WHAT THIS TASK INVOLVES.
Below is a block of entries; repeat all of it exactly but omit the pictures.

AVAILABLE DATA.
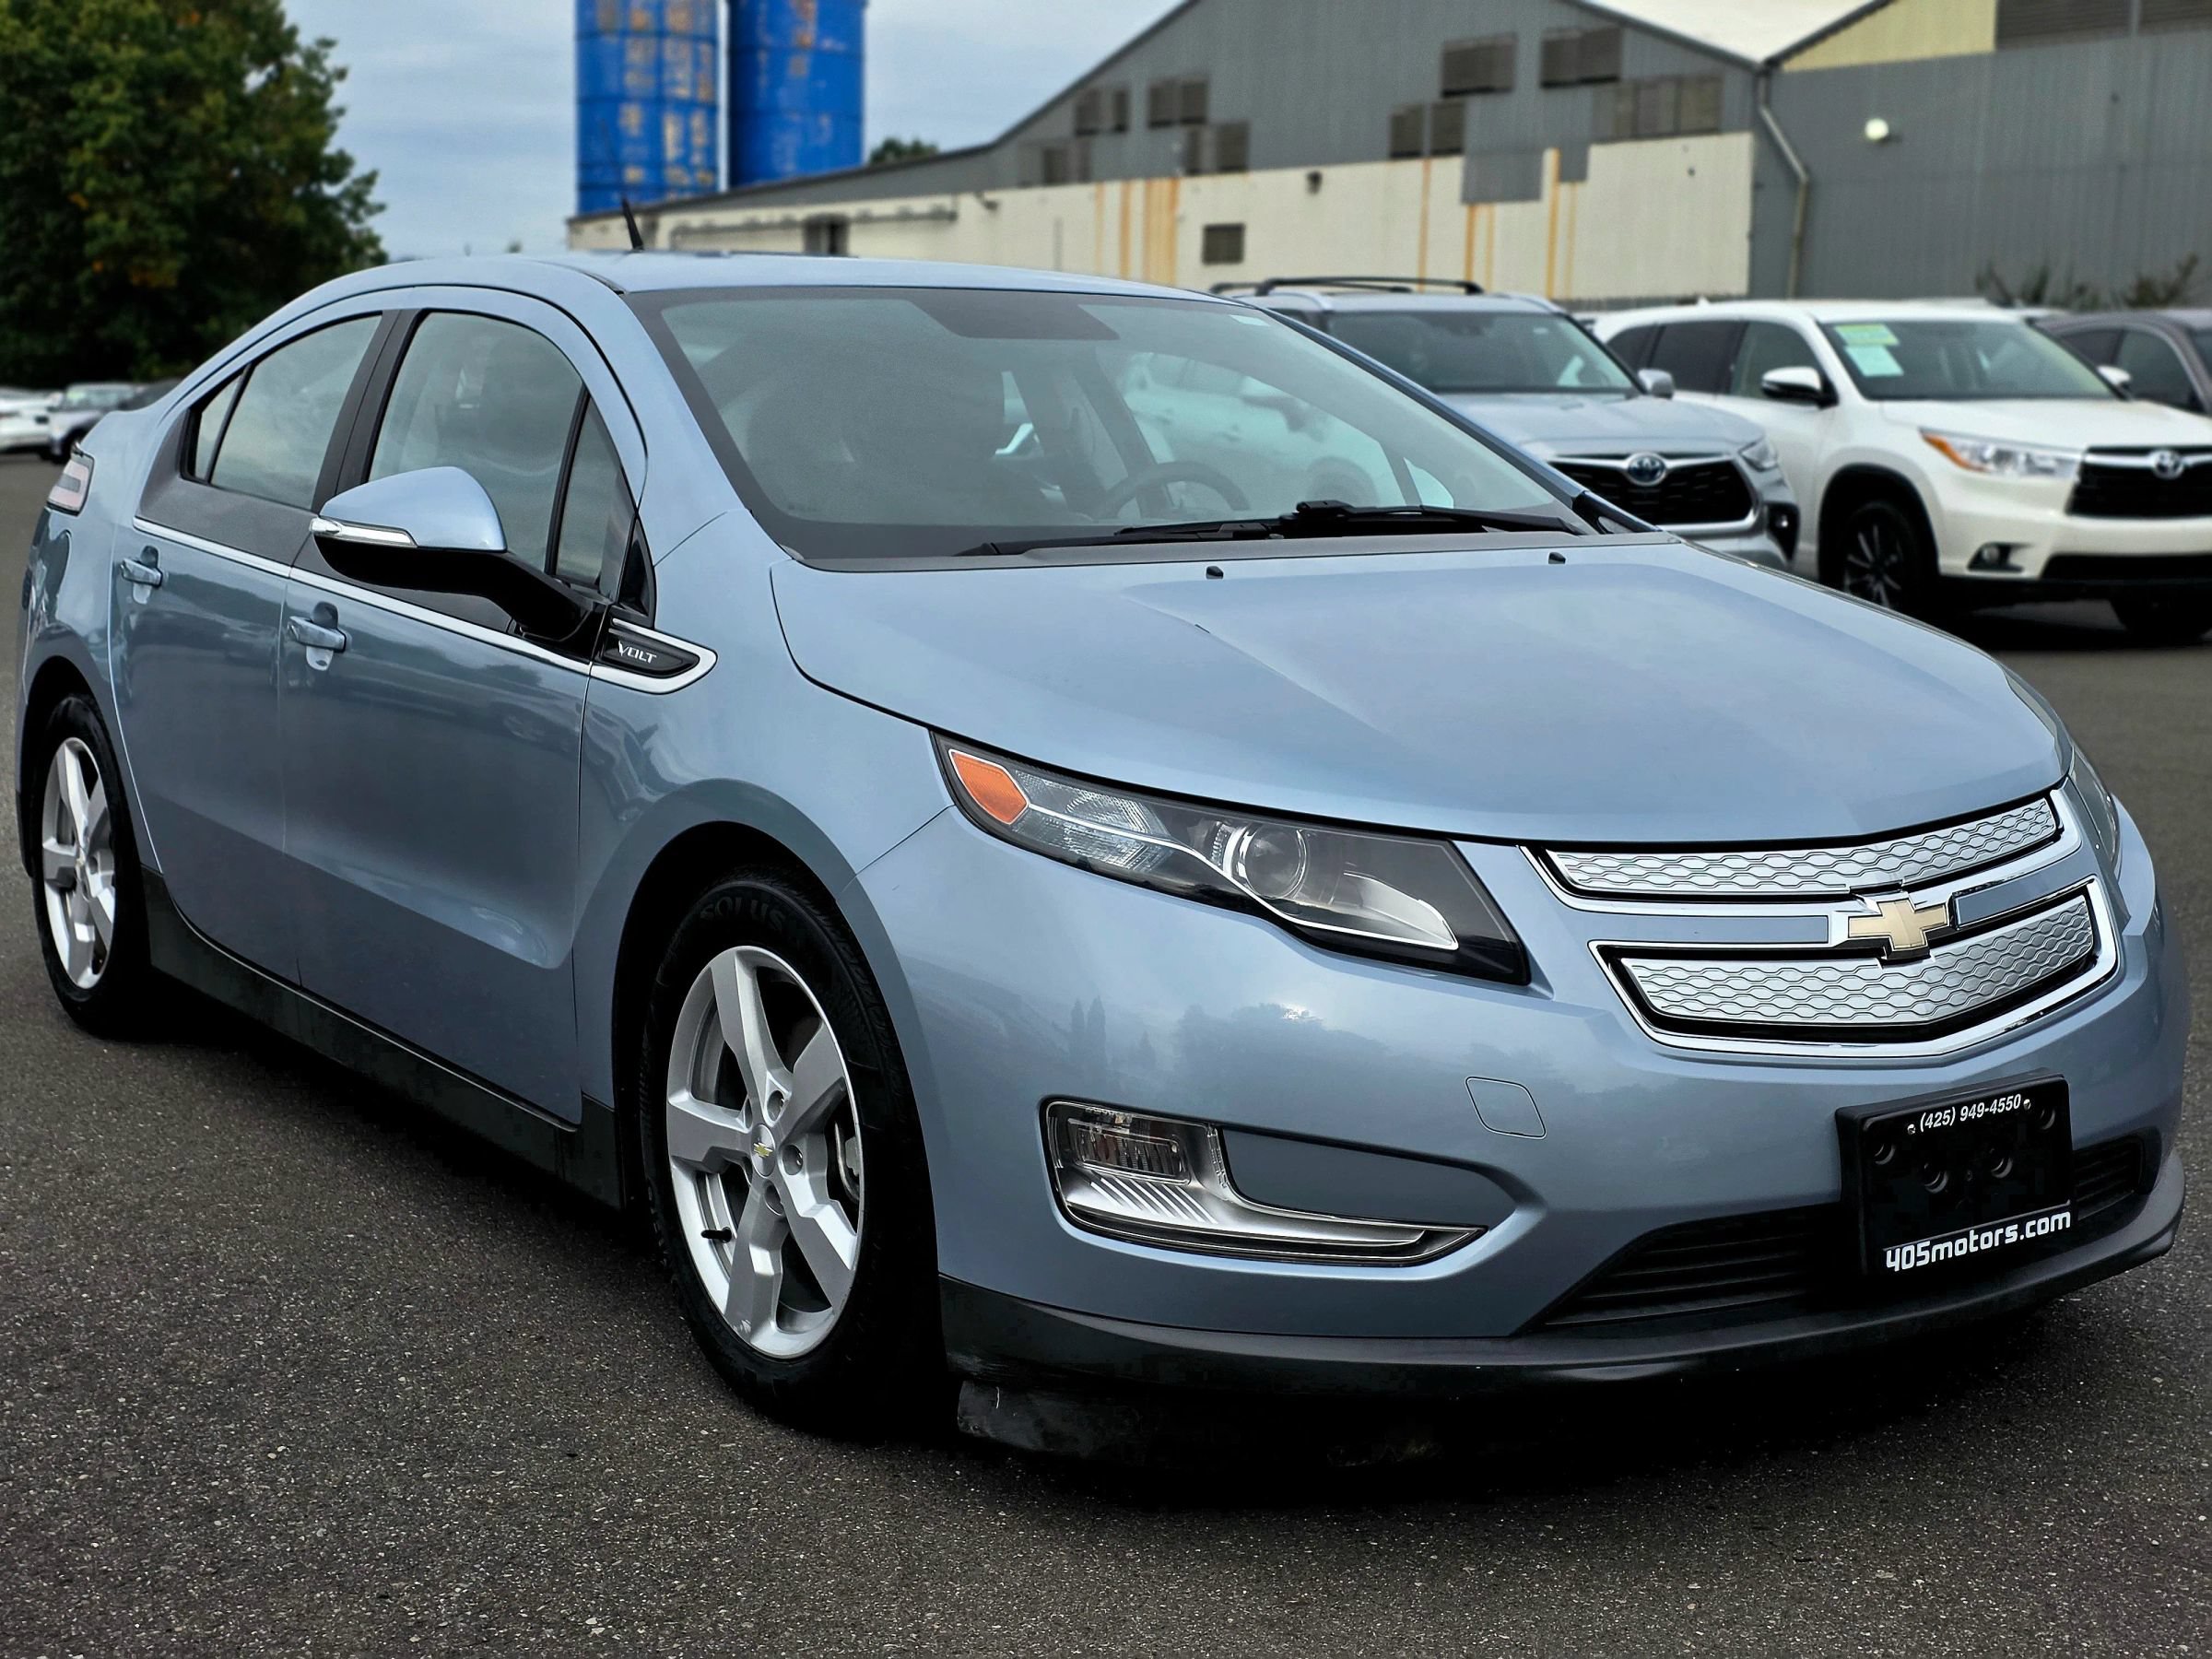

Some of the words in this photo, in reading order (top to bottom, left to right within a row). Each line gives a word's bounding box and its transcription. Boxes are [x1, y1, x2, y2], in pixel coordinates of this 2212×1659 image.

[618, 640, 657, 664] VOLT
[1920, 1107, 1956, 1132] (425)
[1959, 1094, 2021, 1122] 949-4550
[1886, 1211, 2071, 1272] 405motors.com

RESPONSE.
Some of the words in this photo, in reading order (top to bottom, left to right within a row). Each line gives a word's bounding box and its transcription. Boxes are [x1, y1, x2, y2], in pixel coordinates of this 2212×1659 image.

[618, 640, 657, 664] VOLT
[1920, 1107, 1956, 1132] (425)
[1959, 1094, 2021, 1122] 949-4550
[1886, 1211, 2071, 1272] 405motors.com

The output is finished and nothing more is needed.